(Annotated photo localization data)

=====

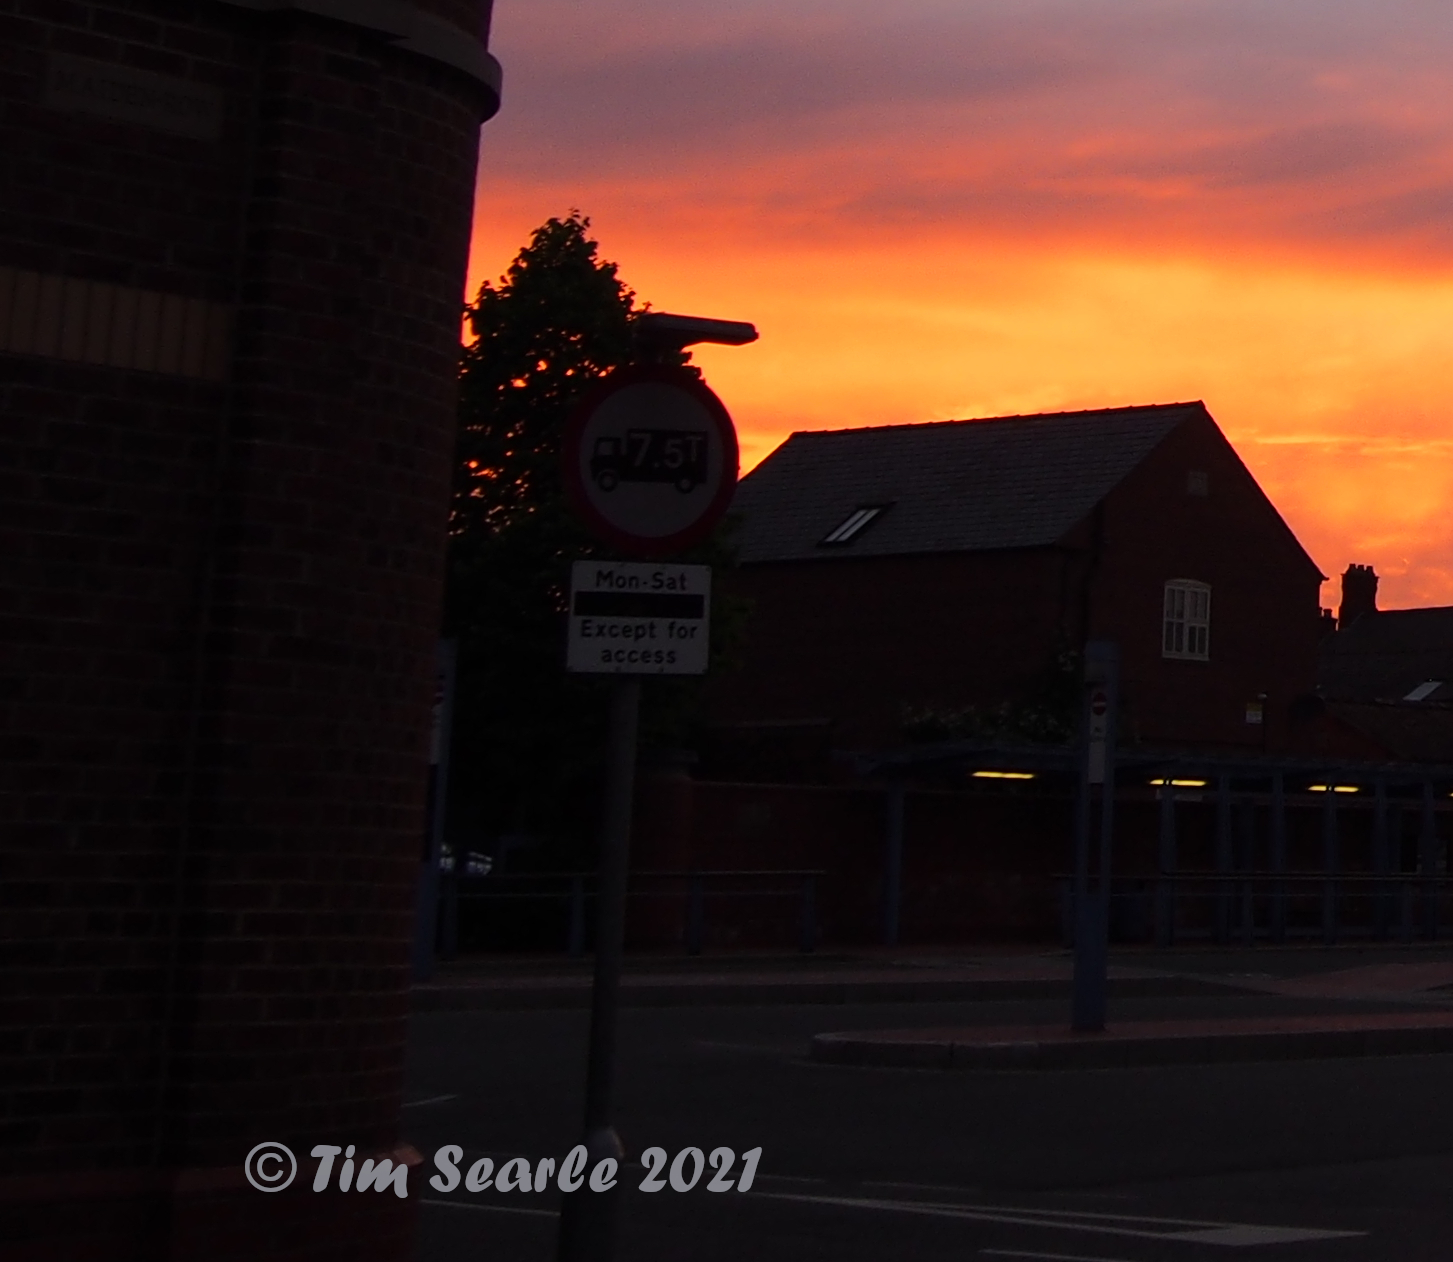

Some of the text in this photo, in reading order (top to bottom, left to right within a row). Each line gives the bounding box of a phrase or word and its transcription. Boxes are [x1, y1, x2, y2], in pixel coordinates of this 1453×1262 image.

[629, 431, 703, 469] 7.5T
[581, 619, 698, 641] Except for
[601, 649, 676, 664] access
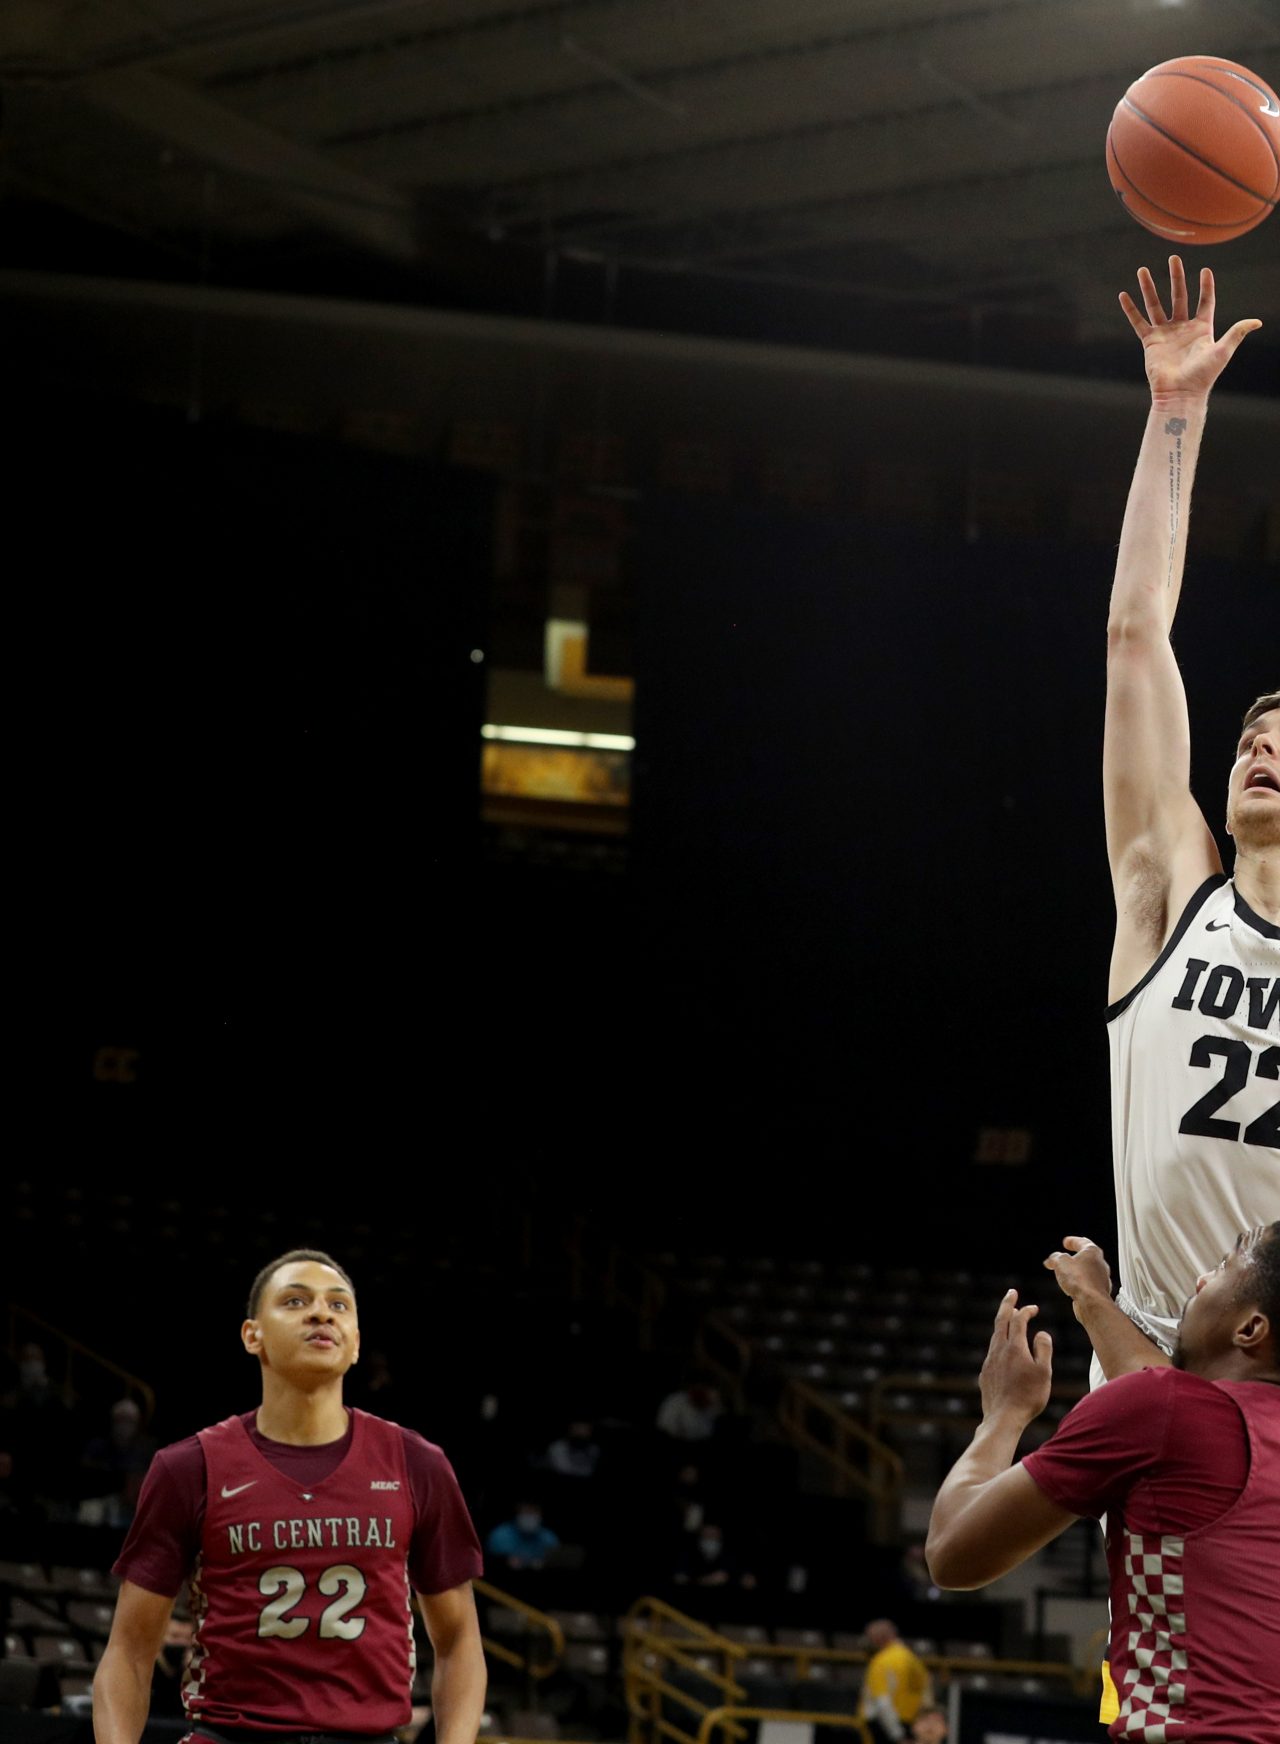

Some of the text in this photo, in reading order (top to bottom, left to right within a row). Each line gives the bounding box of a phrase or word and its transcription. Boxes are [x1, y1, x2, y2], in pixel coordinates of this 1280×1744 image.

[370, 1480, 400, 1490] MEAC
[228, 1517, 396, 1554] NC CENTRAL
[258, 1564, 367, 1640] 22

=====

→ DIRECTIONS
The data above must be written out again without alteration, and the pictures in them must be excluded.

→ ANSWER TO THIS EXERCISE
Some of the text in this photo, in reading order (top to bottom, left to right within a row). Each line gives the bounding box of a phrase or word and its transcription. Boxes are [x1, y1, x2, y2], in pixel coordinates of this 1453×1262 image.

[629, 431, 703, 469] 7.5T
[581, 619, 698, 641] Except for
[601, 649, 676, 664] access

Some of the text in this photo, in reading order (top to bottom, left to right within a row). Each line gives the bounding box of a phrase or word and its transcription. Boxes are [x1, y1, x2, y2], in pixel coordinates of this 1280×1744 image.

[370, 1480, 400, 1490] MEAC
[228, 1517, 396, 1554] NC CENTRAL
[258, 1564, 367, 1640] 22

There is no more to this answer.